On lit dans l’Echo de Paimboeuf du 08 mars 1908
Dans sa dernière séance, le Conseil Municipal de Saint-Jean-de-Boiseau a pris la décision urgente d’acheter des arbres pour les planter dans les quelques mètres de terrain communal situé au nord de l’église.
Cette plantation, décidée d’avance par la majorité a été demandée en séance par M. Chuniaud sous prétexte d’hygiène et parce que dit-il, cela se fait partout ailleurs. M. Le secrétaire de la mairie (est-ce bien son droit ?) appuya la proposition, disant qu’en effet cet endroit pour être agréable, manquait un peu d’ombrage en été. Il y a bien l’ombrage de l’église et de son clocher, mais c’est insuffisant !... et puis l’ombrage d’une église… brr !!! Quelqu’un de la minorité fit observer qu’il y aurait peut-être quelque inconvénient à planter là des arbres susceptibles d’abîmer plus tard le toit de l’église. M le Maire, prenant cette observation en considération, déclara qu’on planterait des arbres qui seraient taillés. Une charmille, sans doute ; quel luxe !
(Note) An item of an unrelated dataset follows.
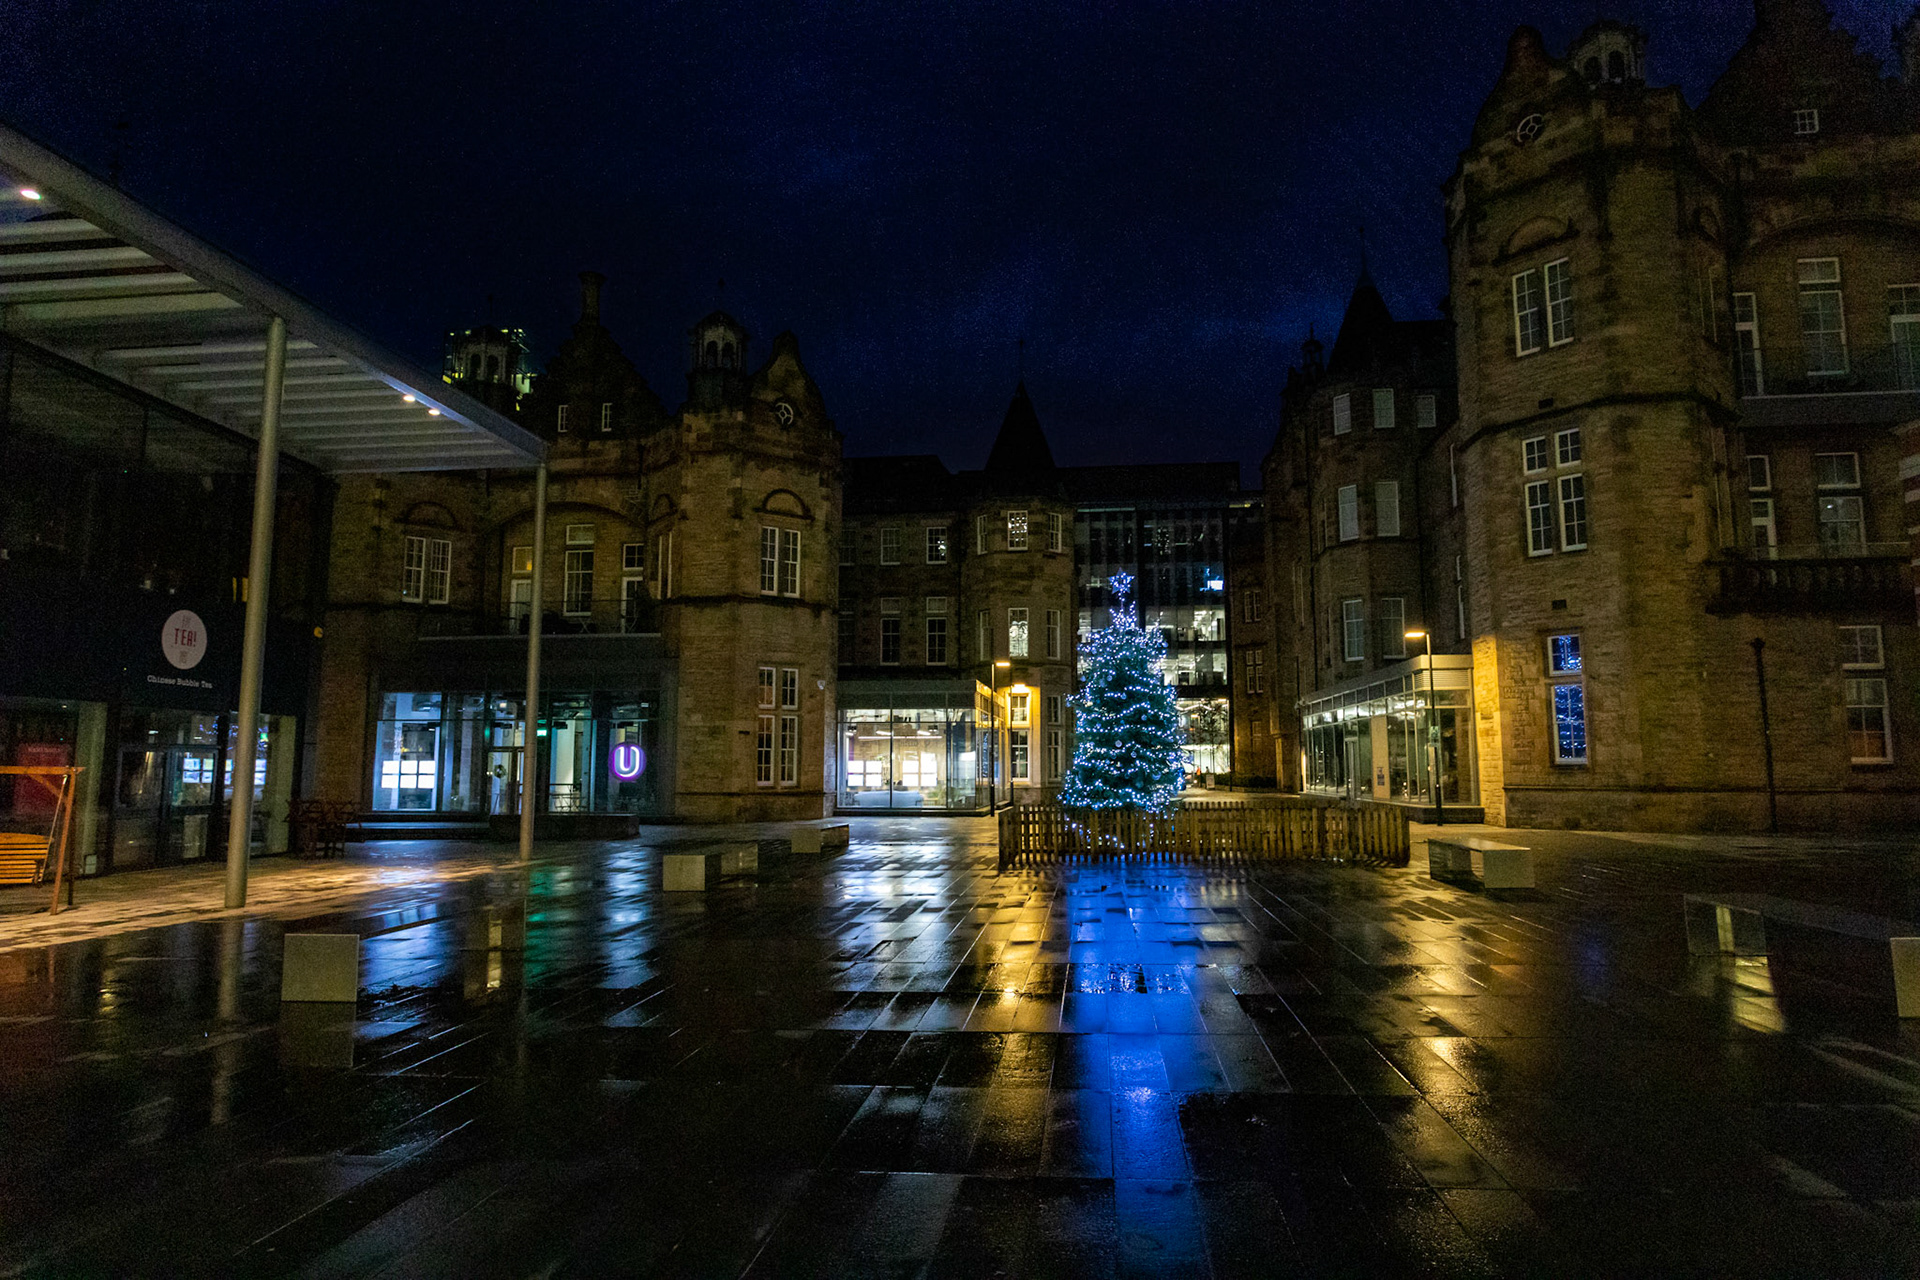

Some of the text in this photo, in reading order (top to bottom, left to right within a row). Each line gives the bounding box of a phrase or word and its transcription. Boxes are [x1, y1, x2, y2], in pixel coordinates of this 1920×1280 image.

[174, 628, 197, 647] TEA!
[147, 675, 213, 689] Chinese Bubble Tea
[613, 745, 641, 778] U
Par le fait, cela ferait très bien en cet endroit et rendrait service au Cercle dans la cour duquel il n’y aurait pas besoin de tant d’arbres.
Mais puisque nous parlons hygiène et de ce qui se fait ailleurs, si le Conseil est riche (il doit l’être) et dispose encore de quelque argent, pour avoir un petit coin propre, une charmille sentant bon, à l’ombre de laquelle on puisse se rouleur sur l’herbe, il ne ferait pas mal de faire construire quelque chose pour les besoins publics. Cela se fait aussi ailleurs, c’est hygiénique, incontestablement et c’est nécessaire. N’y a-t-il pas, en effet, nécessités ?
En attendant braves contribuables de Saint-Jean, contentez-vous de votre charmille et ne vous plaignez pas, vos édiles font un très judicieux emploi de vos deniers.